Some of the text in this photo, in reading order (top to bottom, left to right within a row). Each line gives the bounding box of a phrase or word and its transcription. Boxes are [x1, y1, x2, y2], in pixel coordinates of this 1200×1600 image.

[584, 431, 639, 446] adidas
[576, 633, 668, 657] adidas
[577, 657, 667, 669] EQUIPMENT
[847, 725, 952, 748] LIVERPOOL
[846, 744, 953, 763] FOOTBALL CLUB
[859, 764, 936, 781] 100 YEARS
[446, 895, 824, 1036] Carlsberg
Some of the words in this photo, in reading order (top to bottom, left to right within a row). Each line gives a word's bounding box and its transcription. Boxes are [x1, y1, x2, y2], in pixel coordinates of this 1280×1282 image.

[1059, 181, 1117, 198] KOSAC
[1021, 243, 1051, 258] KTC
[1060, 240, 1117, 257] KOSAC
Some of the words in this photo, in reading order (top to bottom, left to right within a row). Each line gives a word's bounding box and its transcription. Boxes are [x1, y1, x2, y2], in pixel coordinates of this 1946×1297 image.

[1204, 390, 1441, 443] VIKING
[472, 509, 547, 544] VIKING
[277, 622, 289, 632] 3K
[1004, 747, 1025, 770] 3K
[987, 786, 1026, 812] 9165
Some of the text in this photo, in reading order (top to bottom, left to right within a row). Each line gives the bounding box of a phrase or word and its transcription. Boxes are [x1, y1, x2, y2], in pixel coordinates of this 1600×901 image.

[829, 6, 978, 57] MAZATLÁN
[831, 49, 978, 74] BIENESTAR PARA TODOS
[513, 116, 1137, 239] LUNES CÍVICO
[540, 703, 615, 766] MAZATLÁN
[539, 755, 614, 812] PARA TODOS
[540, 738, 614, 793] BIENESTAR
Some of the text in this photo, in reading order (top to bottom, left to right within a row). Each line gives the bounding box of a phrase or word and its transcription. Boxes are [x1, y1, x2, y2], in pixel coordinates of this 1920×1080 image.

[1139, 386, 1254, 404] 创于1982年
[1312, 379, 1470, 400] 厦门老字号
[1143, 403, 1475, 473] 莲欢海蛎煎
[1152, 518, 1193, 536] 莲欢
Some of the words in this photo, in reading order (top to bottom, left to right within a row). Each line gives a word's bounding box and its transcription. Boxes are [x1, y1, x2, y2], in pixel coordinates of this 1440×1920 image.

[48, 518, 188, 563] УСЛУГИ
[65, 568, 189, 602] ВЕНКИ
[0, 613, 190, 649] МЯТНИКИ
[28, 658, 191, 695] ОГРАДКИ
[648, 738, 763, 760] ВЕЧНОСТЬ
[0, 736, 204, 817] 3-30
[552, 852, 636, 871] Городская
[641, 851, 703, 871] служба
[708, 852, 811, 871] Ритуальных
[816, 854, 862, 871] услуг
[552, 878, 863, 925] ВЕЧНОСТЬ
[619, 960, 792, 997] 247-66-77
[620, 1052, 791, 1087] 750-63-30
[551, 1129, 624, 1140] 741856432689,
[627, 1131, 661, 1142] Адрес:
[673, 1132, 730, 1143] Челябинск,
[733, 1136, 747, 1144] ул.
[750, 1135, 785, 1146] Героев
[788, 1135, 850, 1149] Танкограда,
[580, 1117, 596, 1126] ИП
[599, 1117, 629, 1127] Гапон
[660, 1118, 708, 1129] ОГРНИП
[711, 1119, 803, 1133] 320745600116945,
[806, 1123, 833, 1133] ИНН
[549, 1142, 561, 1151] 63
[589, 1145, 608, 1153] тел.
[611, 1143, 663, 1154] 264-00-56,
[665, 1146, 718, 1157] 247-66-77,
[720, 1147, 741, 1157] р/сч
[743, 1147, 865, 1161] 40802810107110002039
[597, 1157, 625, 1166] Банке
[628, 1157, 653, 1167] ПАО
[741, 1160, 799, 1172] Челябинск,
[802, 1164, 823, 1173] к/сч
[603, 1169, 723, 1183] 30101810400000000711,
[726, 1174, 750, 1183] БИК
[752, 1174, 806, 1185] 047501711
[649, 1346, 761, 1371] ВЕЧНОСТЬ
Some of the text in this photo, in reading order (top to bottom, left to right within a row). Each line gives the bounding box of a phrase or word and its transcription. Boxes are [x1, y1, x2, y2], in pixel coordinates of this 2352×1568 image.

Exercise directions >> The entire listing is to be retyped exactly.

Task response >>
Some of the text in this photo, in reading order (top to bottom, left to right within a row). Each line gives the bounding box of a phrase or word and its transcription. Boxes are [x1, y1, x2, y2], in pixel coordinates of this 1200×1600 image.

[584, 431, 639, 446] adidas
[576, 633, 668, 657] adidas
[577, 657, 667, 669] EQUIPMENT
[847, 725, 952, 748] LIVERPOOL
[846, 744, 953, 763] FOOTBALL CLUB
[859, 764, 936, 781] 100 YEARS
[446, 895, 824, 1036] Carlsberg
Some of the words in this photo, in reading order (top to bottom, left to right within a row). Each line gives a word's bounding box and its transcription. Boxes are [x1, y1, x2, y2], in pixel coordinates of this 1280×1282 image.

[1059, 181, 1117, 198] KOSAC
[1021, 243, 1051, 258] KTC
[1060, 240, 1117, 257] KOSAC
Some of the words in this photo, in reading order (top to bottom, left to right within a row). Each line gives a word's bounding box and its transcription. Boxes are [x1, y1, x2, y2], in pixel coordinates of this 1946×1297 image.

[1204, 390, 1441, 443] VIKING
[472, 509, 547, 544] VIKING
[277, 622, 289, 632] 3K
[1004, 747, 1025, 770] 3K
[987, 786, 1026, 812] 9165
Some of the text in this photo, in reading order (top to bottom, left to right within a row). Each line gives the bounding box of a phrase or word and its transcription. Boxes are [x1, y1, x2, y2], in pixel coordinates of this 1600×901 image.

[829, 6, 978, 57] MAZATLÁN
[831, 49, 978, 74] BIENESTAR PARA TODOS
[513, 116, 1137, 239] LUNES CÍVICO
[540, 703, 615, 766] MAZATLÁN
[539, 755, 614, 812] PARA TODOS
[540, 738, 614, 793] BIENESTAR
Some of the text in this photo, in reading order (top to bottom, left to right within a row). Each line gives the bounding box of a phrase or word and its transcription. Boxes are [x1, y1, x2, y2], in pixel coordinates of this 1920×1080 image.

[1139, 386, 1254, 404] 创于1982年
[1312, 379, 1470, 400] 厦门老字号
[1143, 403, 1475, 473] 莲欢海蛎煎
[1152, 518, 1193, 536] 莲欢
Some of the words in this photo, in reading order (top to bottom, left to right within a row). Each line gives a word's bounding box and its transcription. Boxes are [x1, y1, x2, y2], in pixel coordinates of this 1440×1920 image.

[48, 518, 188, 563] УСЛУГИ
[65, 568, 189, 602] ВЕНКИ
[0, 613, 190, 649] МЯТНИКИ
[28, 658, 191, 695] ОГРАДКИ
[648, 738, 763, 760] ВЕЧНОСТЬ
[0, 736, 204, 817] 3-30
[552, 852, 636, 871] Городская
[641, 851, 703, 871] служба
[708, 852, 811, 871] Ритуальных
[816, 854, 862, 871] услуг
[552, 878, 863, 925] ВЕЧНОСТЬ
[619, 960, 792, 997] 247-66-77
[620, 1052, 791, 1087] 750-63-30
[551, 1129, 624, 1140] 741856432689,
[627, 1131, 661, 1142] Адрес:
[673, 1132, 730, 1143] Челябинск,
[733, 1136, 747, 1144] ул.
[750, 1135, 785, 1146] Героев
[788, 1135, 850, 1149] Танкограда,
[580, 1117, 596, 1126] ИП
[599, 1117, 629, 1127] Гапон
[660, 1118, 708, 1129] ОГРНИП
[711, 1119, 803, 1133] 320745600116945,
[806, 1123, 833, 1133] ИНН
[549, 1142, 561, 1151] 63
[589, 1145, 608, 1153] тел.
[611, 1143, 663, 1154] 264-00-56,
[665, 1146, 718, 1157] 247-66-77,
[720, 1147, 741, 1157] р/сч
[743, 1147, 865, 1161] 40802810107110002039
[597, 1157, 625, 1166] Банке
[628, 1157, 653, 1167] ПАО
[741, 1160, 799, 1172] Челябинск,
[802, 1164, 823, 1173] к/сч
[603, 1169, 723, 1183] 30101810400000000711,
[726, 1174, 750, 1183] БИК
[752, 1174, 806, 1185] 047501711
[649, 1346, 761, 1371] ВЕЧНОСТЬ
Some of the text in this photo, in reading order (top to bottom, left to right within a row). Each line gives the bounding box of a phrase or word and its transcription. Boxes are [x1, y1, x2, y2], in pixel coordinates of this 2352×1568 image.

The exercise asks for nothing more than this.